---------- Data section ----------

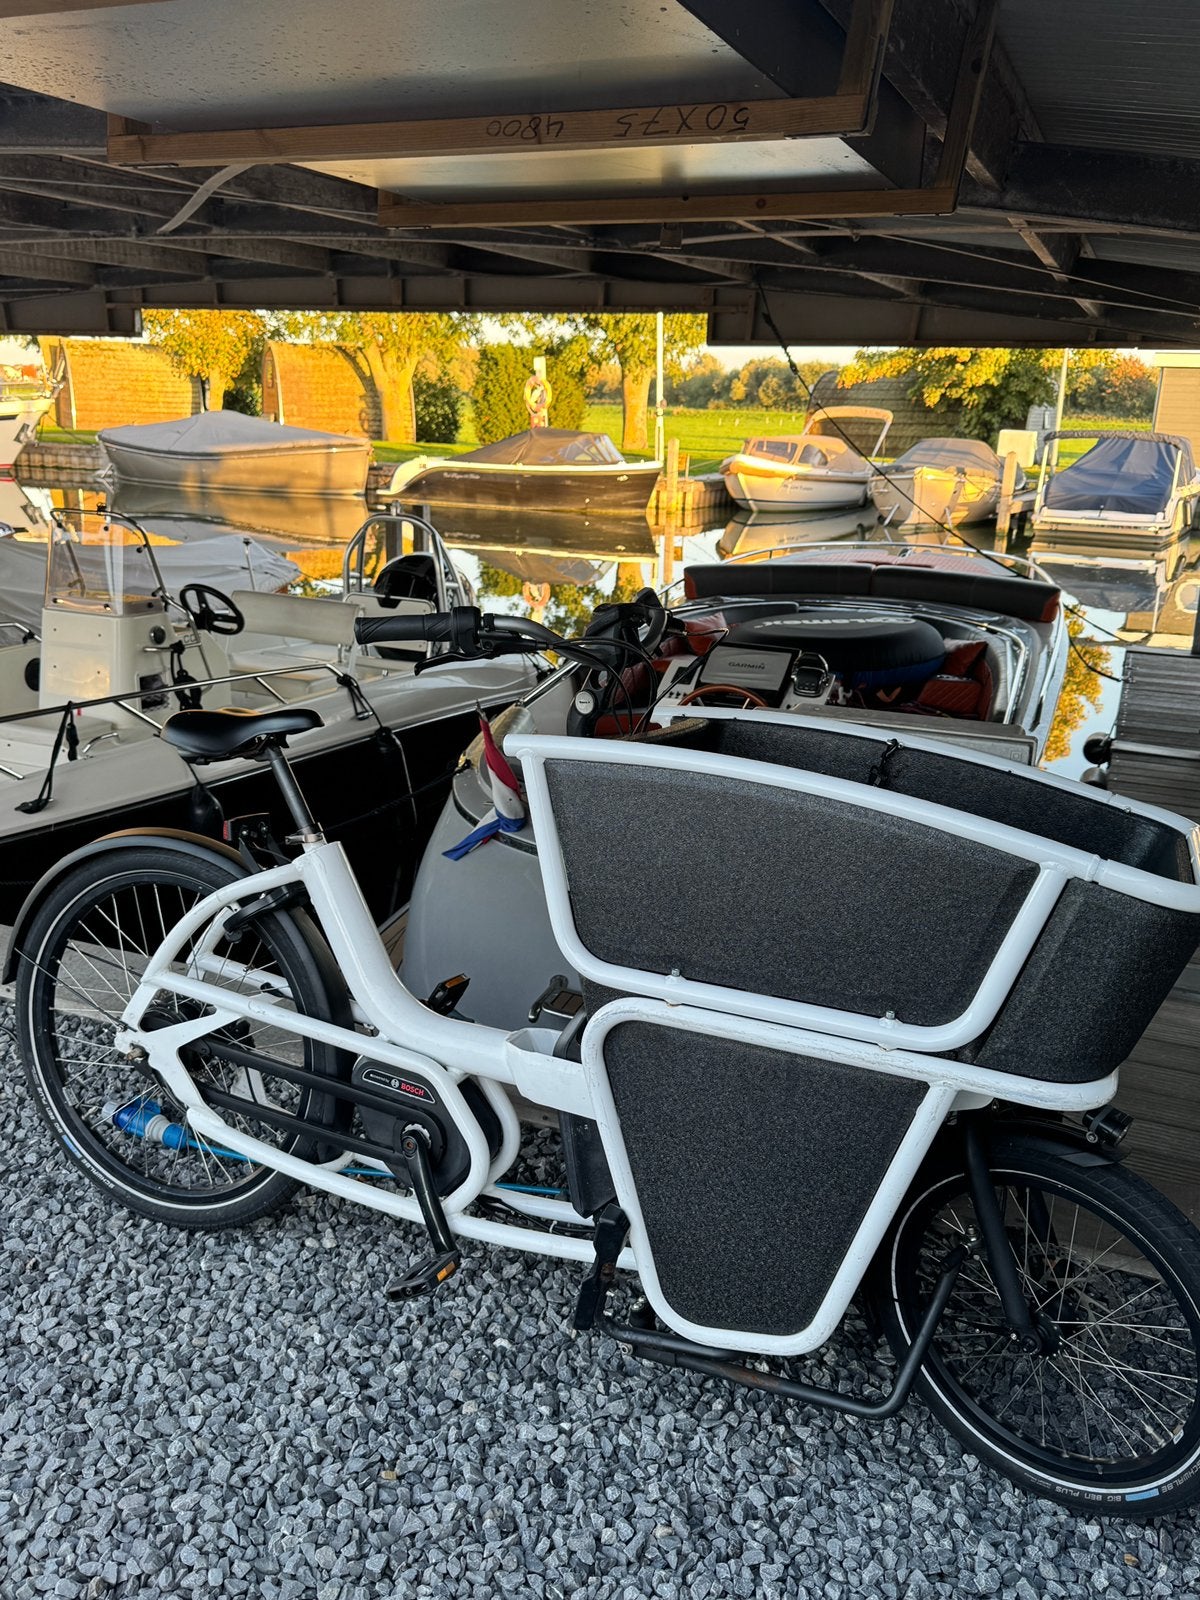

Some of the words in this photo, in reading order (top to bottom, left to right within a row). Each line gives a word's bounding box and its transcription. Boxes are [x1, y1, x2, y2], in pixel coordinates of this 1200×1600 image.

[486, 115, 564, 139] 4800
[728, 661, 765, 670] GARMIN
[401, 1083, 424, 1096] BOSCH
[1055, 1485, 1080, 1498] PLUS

----------

■ **Task brief**:
Pictures are not part of the copy; transcribe the rest of the data verbatim.

■ **Task result**:
Some of the words in this photo, in reading order (top to bottom, left to right within a row). Each line gives a word's bounding box and its transcription. Boxes are [x1, y1, x2, y2], in pixel coordinates of this 1200×1600 image.

[486, 115, 564, 139] 4800
[728, 661, 765, 670] GARMIN
[401, 1083, 424, 1096] BOSCH
[1055, 1485, 1080, 1498] PLUS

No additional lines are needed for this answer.